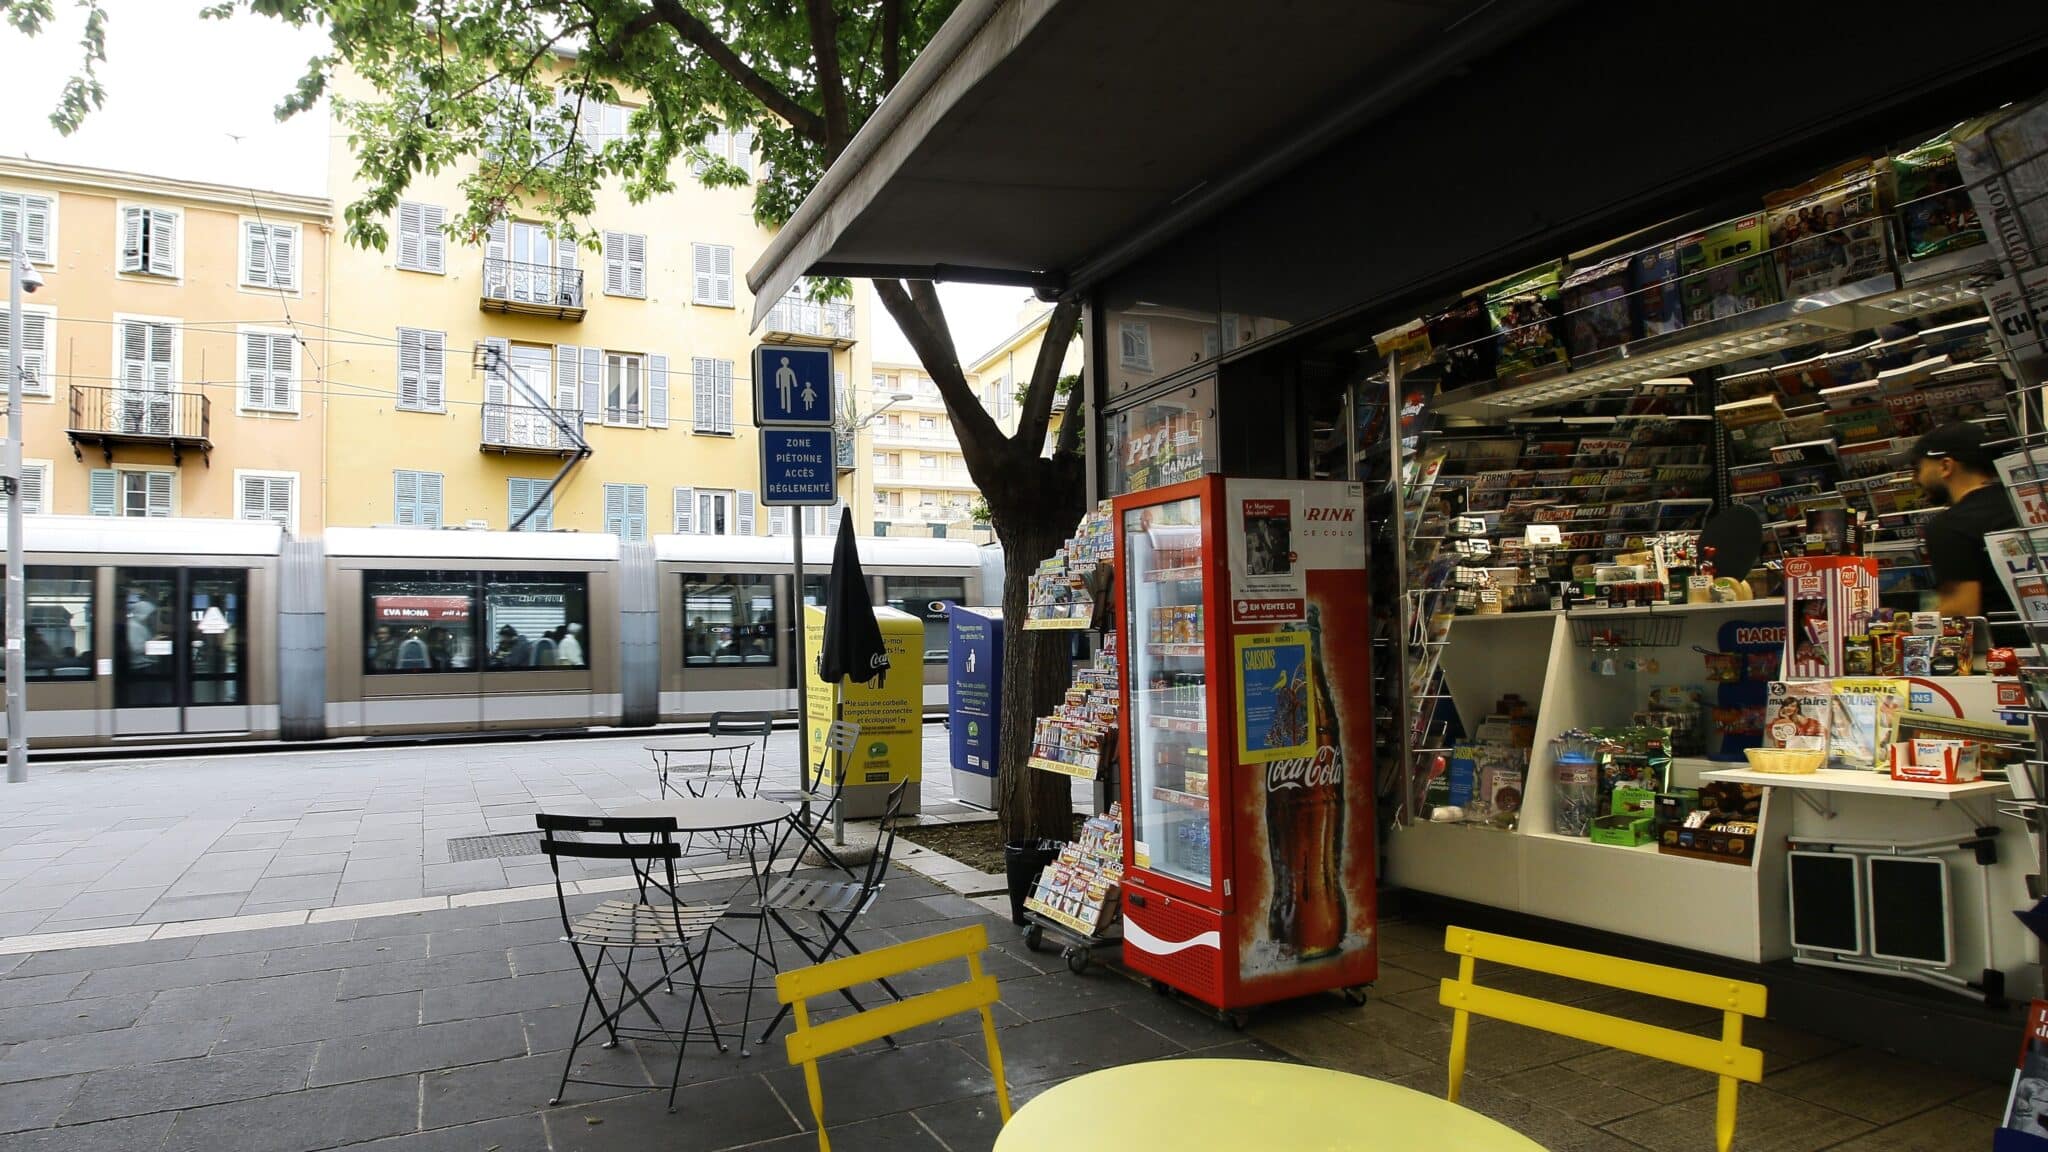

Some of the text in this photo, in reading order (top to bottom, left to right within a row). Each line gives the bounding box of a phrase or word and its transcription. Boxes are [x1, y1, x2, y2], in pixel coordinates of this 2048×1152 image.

[786, 439, 811, 447] ZONE
[776, 453, 823, 464] PIÉTONNE
[785, 468, 814, 478] ACCÈS
[769, 482, 830, 493] RÉGLEMENTÉ
[1303, 508, 1355, 521] RINK
[1249, 602, 1296, 611] EN VENTE ICI
[1245, 649, 1277, 671] SAISONS
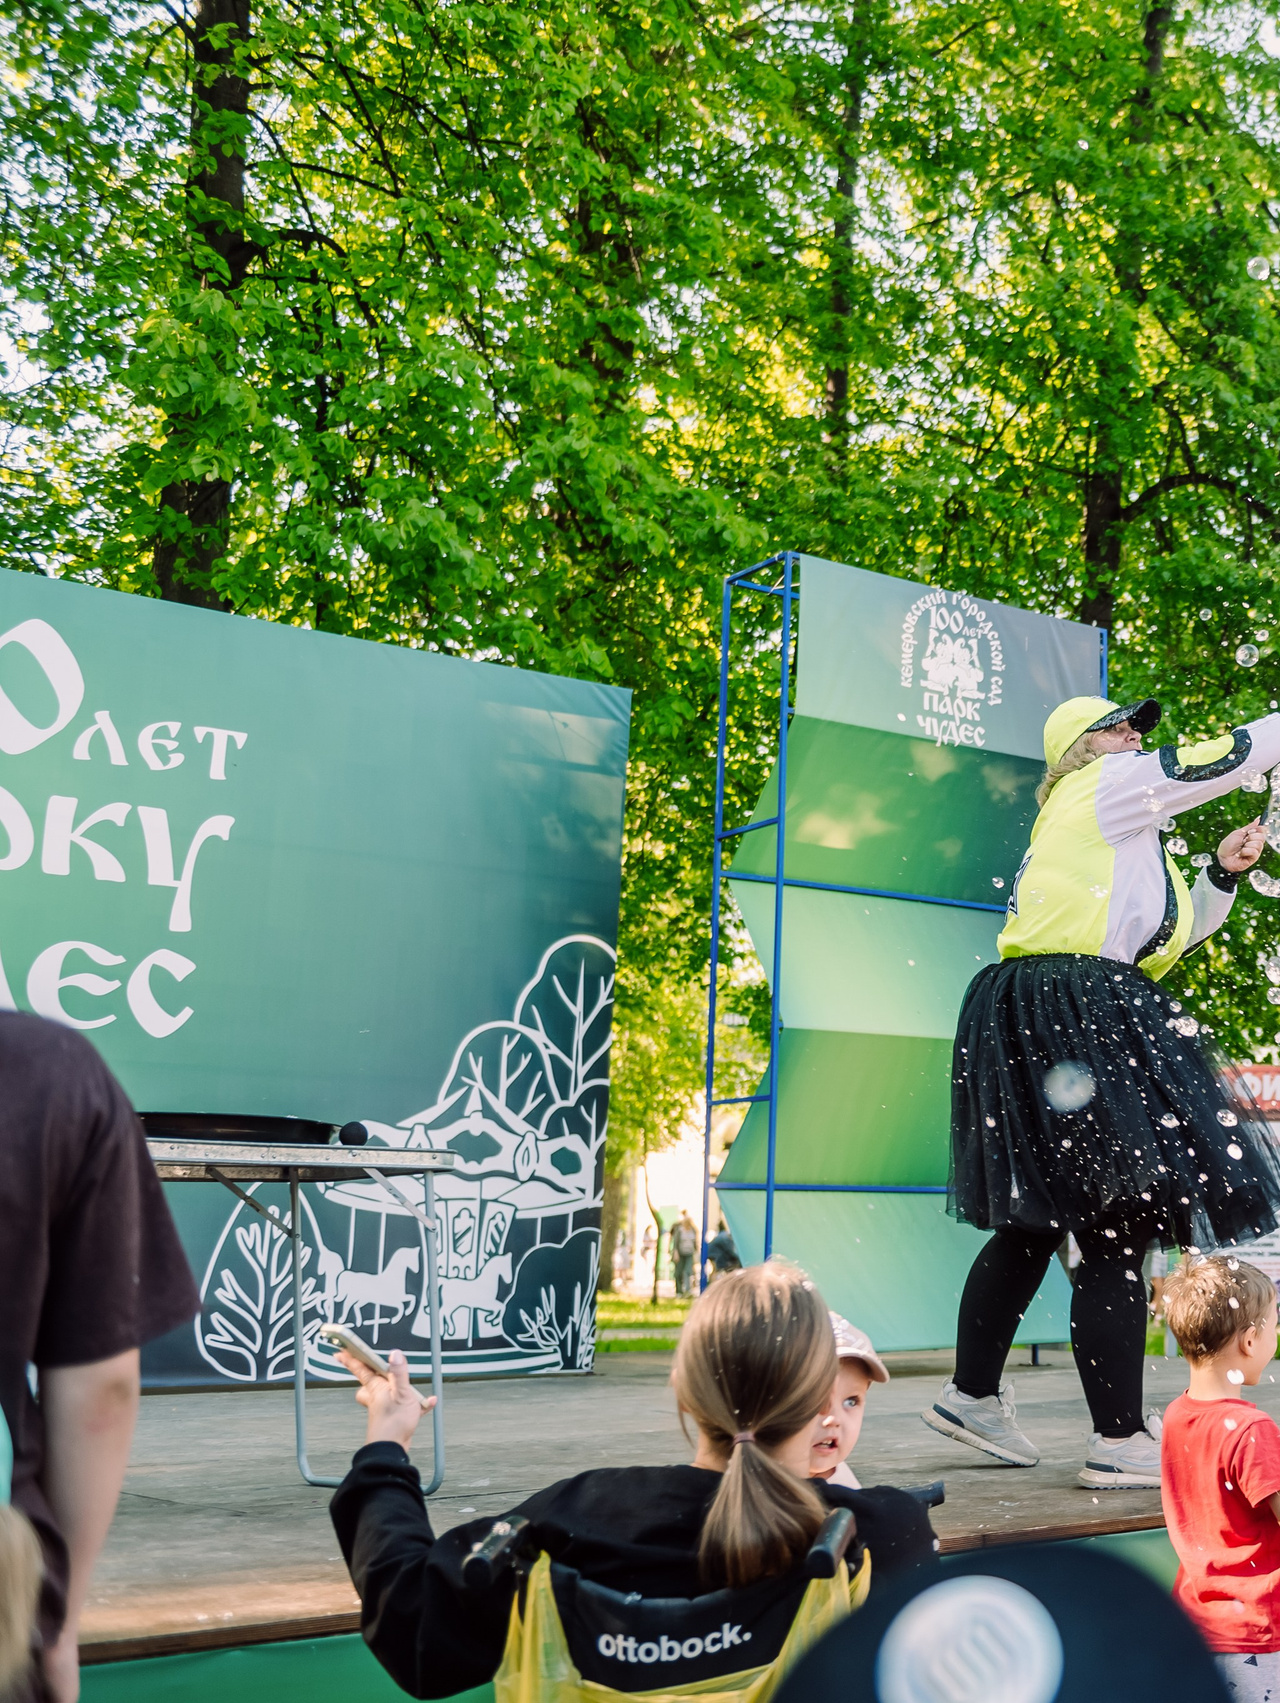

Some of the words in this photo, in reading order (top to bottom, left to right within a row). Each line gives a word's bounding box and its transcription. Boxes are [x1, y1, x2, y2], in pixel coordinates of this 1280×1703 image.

[928, 605, 964, 634] 100
[923, 692, 981, 726] ПАРК
[73, 710, 248, 780] ЛЕТ
[916, 715, 986, 747] ЧУДЕС
[0, 937, 196, 1038] ЕС
[598, 1622, 752, 1663] ottobock.

• • • • •

WORK ITEM: Everything from the line with "Some of the words" down to the final line above is to be retyped exactly. Leave the earlier lines out.

RESULT BELOW:
Some of the words in this photo, in reading order (top to bottom, left to right within a row). Each line gives a word's bounding box and its transcription. Boxes are [x1, y1, x2, y2], in pixel coordinates of this 1280×1703 image.

[928, 605, 964, 634] 100
[923, 692, 981, 726] ПАРК
[73, 710, 248, 780] ЛЕТ
[916, 715, 986, 747] ЧУДЕС
[0, 937, 196, 1038] ЕС
[598, 1622, 752, 1663] ottobock.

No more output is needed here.